Когда мы прошли храм и начали спускаться по ступеням в какое-то подземелье, я напряглась. Похоже, всё-таки не император, но… Не вынесет же мне приговор кто-то вместо Четырёх богов прямо здесь? Но я вспомнила успокаивающий взгляд Бьёрна напоследок, его едва заметный кивок, и с усилием выдохнула. Он знает, что прямо сейчас ничего не решится. На играх императору нужна безопасность — хватило того напряжения, которое повисло в воздухе после слов про смерть Теонира Ойгарда, короля Энарии.

Но теперь казалось, что кровавая жатва только началась, и какой-то кровавый Тёмный бог отправился собирать плату за своё покровительство. Покровитель! Убийца сказал, что служит ему… И почему-то я не в числе тех, кого этот единый бог жаждёт прикончить.

Меня привели в камеру, узкую и длинную, дальняя стена которой утопала в мрачной темноте. Я сжалась и забралась с ногами на скамью, подвешенную на двух цепях. Та качнулась подо мной — словно подтвердила шаткость положения — и жалобно заскрипела.

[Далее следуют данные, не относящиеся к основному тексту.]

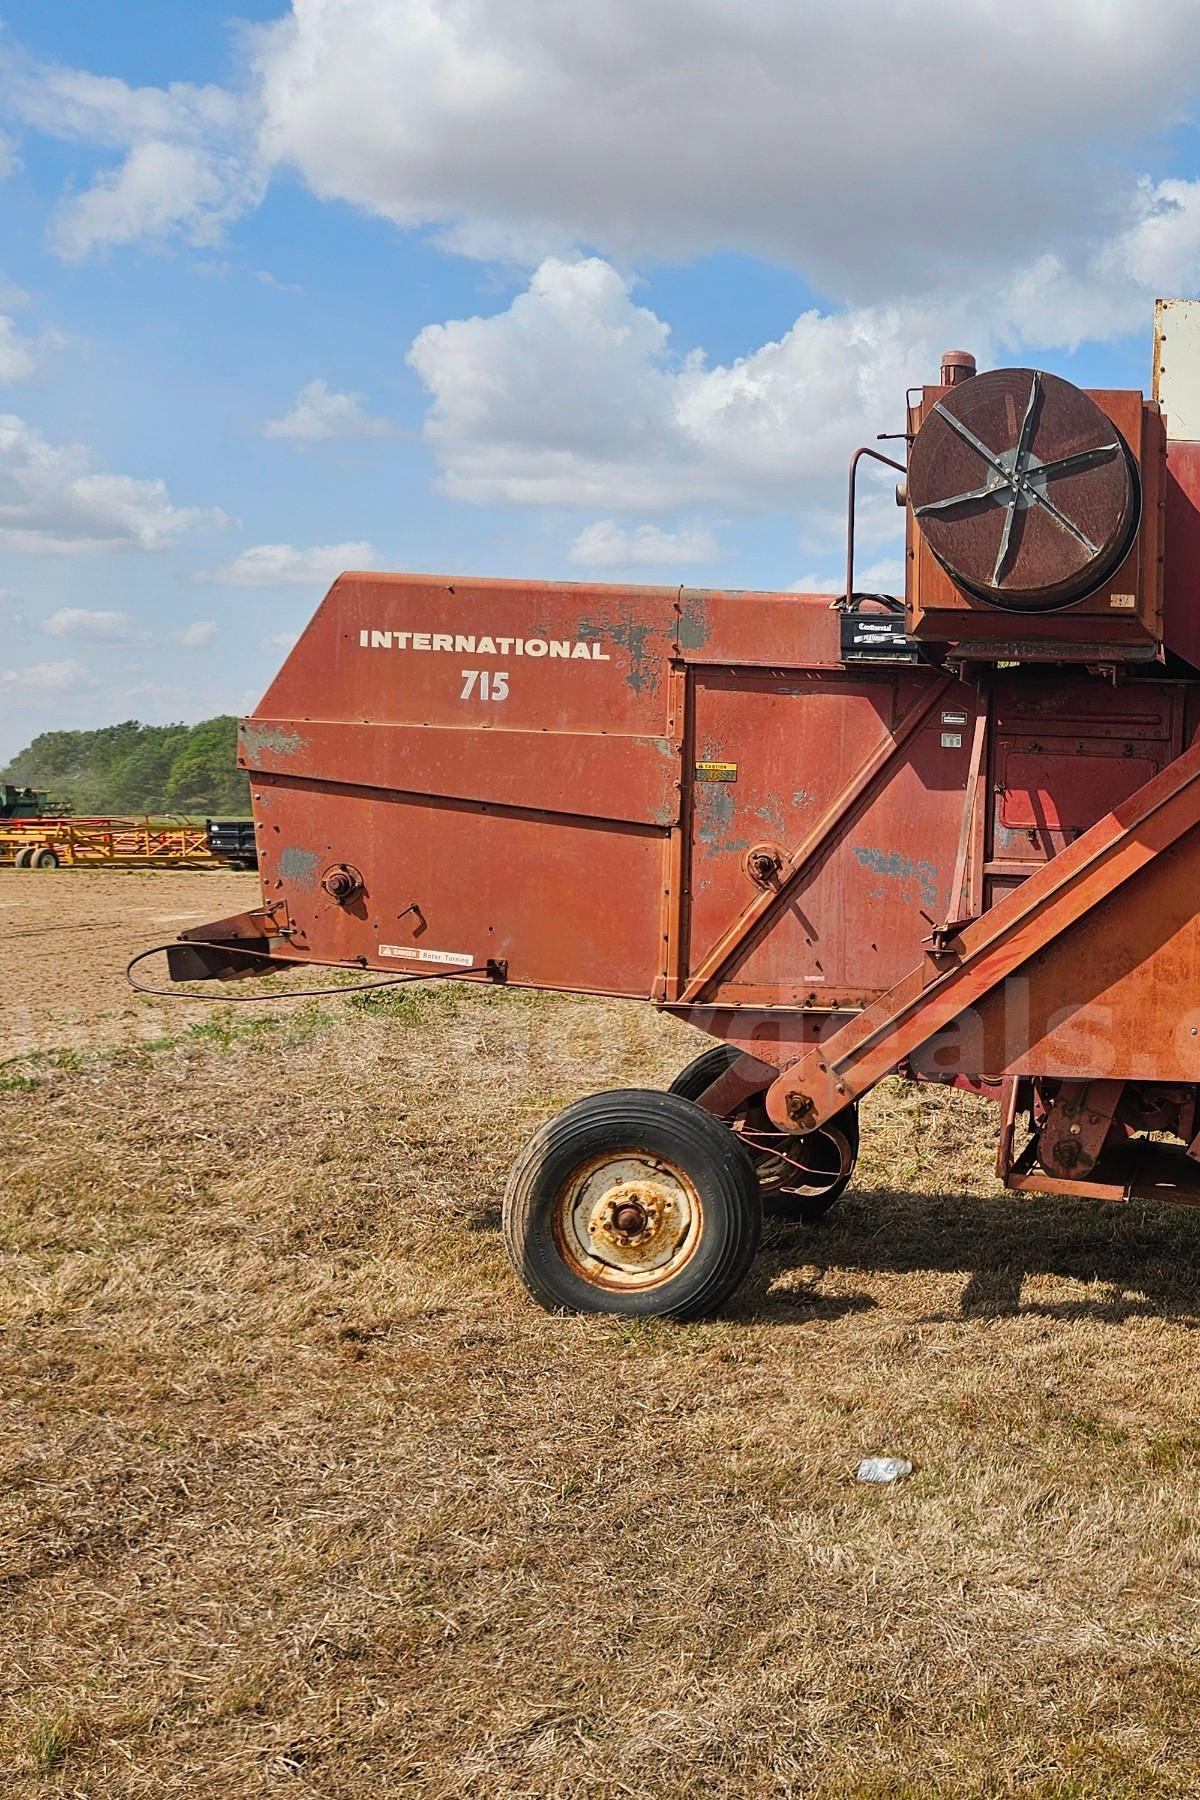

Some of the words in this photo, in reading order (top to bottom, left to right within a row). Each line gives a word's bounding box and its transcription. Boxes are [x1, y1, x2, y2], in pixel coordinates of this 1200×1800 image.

— Тебя призовут на суд, — мрачно бросил мне один из дарханов, и подумалось, что мое задержание сейчас лишь досадная неприятность, отвлекающая от чего-то более значимого и страшного, и все знают, что грядёт нечто… другое.

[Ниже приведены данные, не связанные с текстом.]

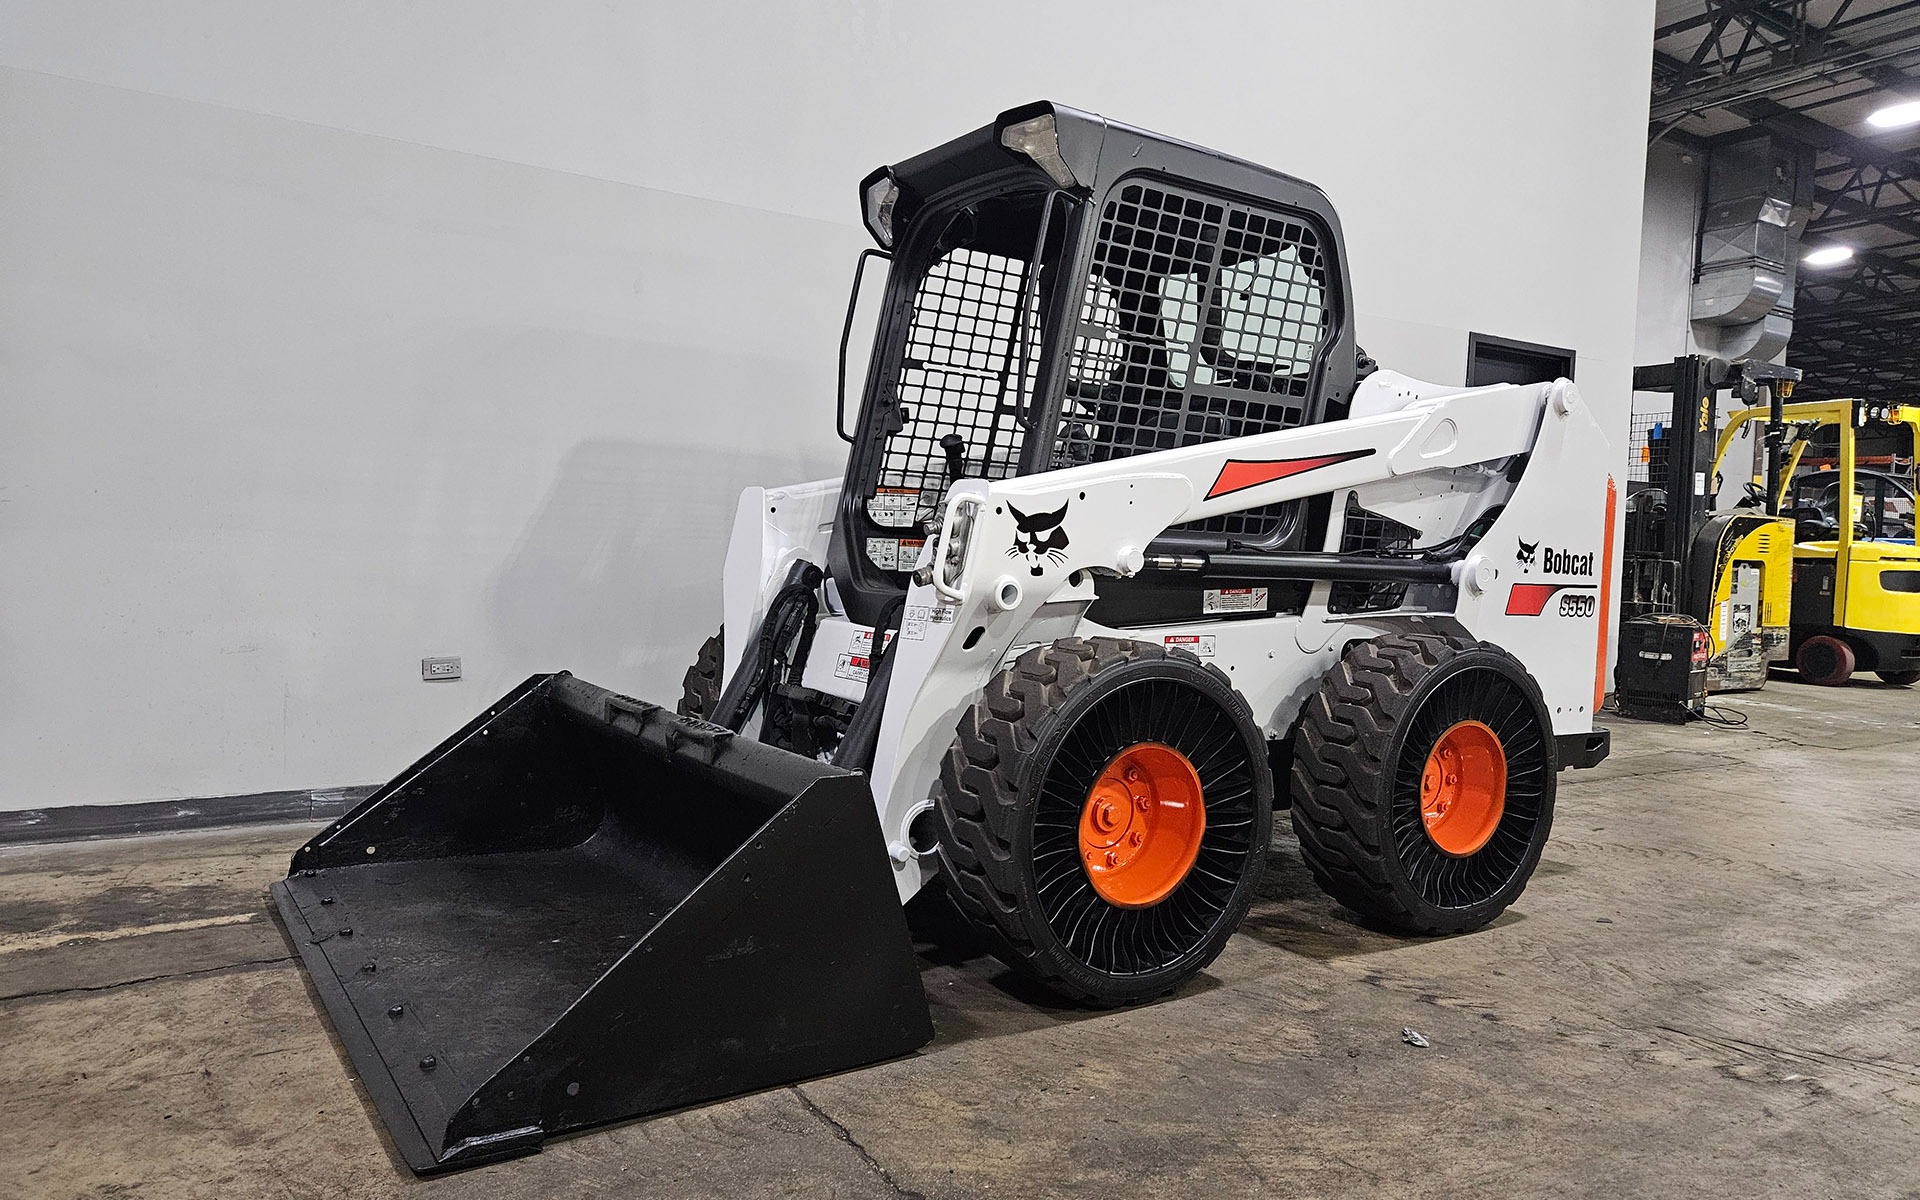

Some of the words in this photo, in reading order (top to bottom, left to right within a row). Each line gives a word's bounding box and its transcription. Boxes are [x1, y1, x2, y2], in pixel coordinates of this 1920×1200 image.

[1699, 396, 1709, 432] Yale
[1543, 547, 1594, 576] Bobcat
[1559, 594, 1596, 617] S550

Что, если и этот дархан — из тех, что плетет заговор?..

У меня не нашлось слов, даже злость угасла совсем, и я притихла, глядя, как надзиратели забрали с собой свет.

Настала кромешная тьма.


Я ждала, что задержание продлится до середины дня, до вечера… но время тянулось, а ничего не происходило. Жалобно заныло в желудке — кроме скудного завтрака я ничего не ела. Хотелось пить.

Много раз я пыталась уйти в глубокую медитацию, которой нас учил Иллиан ди Вар — и каждый раз ходила лишь по краю так нужного сейчас состояния глубокого покоя, но не могла отпустить тревогу.

Временами мне хотелось, чтобы всё закончилось, чтобы меня привели на суд, поставили перед императором, и тот бы, взглянув в мои глаза, сразу прочёл все сомнения и вынес приговор. Пусть покарают убийцу и оставят меня в покое!..

Временами я молилась, чтобы про меня забыли. Пусть закончится игра, пусть все уедут, сочтут меня неважной — и я продолжу тихо влачить дни в этом монастыре, чтобы потом получить свободу и вернуться домой.

Домой… от одной мысли про дом навернулись слёзы. Холод подземелья пробирался под кожу, пробирал до костей — и я закрывала глаза и видела уютные огни родного поместья, смех и тепло отца, его ласковые, такие любящие объятия. Мягкое подтрунивание мамы, иногда умеющей любить, а иногда такой неловкой и скованной, словно она вспоминала свою юность, и за неловкими шутками она прятала свою давнюю боль.

Вспоминалось ласковое южное тепло, согревающее до самого сердца, плотность летних ночей, когда кажется, что ты даже дышишь этим густым, ночным светом луны и звёзд и отблесками океана.

Вспомнился запах лошадей, перезвон колокольчиков в упряжке и задорное хоровое пение работников на плантациях, чьи голоса доносились по утрам до моей спальни и будили своими мелодичными переливами.

И снова вспомнился то смеющийся, то нарочито-строгий взгляд старшего брата.

“Ну ты попала, сестрица” — прошелестел как наяву в темноте мнимый голос Тавиана.

— Иди к демонам! — крикнула я вслух, но казалось, брат на самом деле рядом.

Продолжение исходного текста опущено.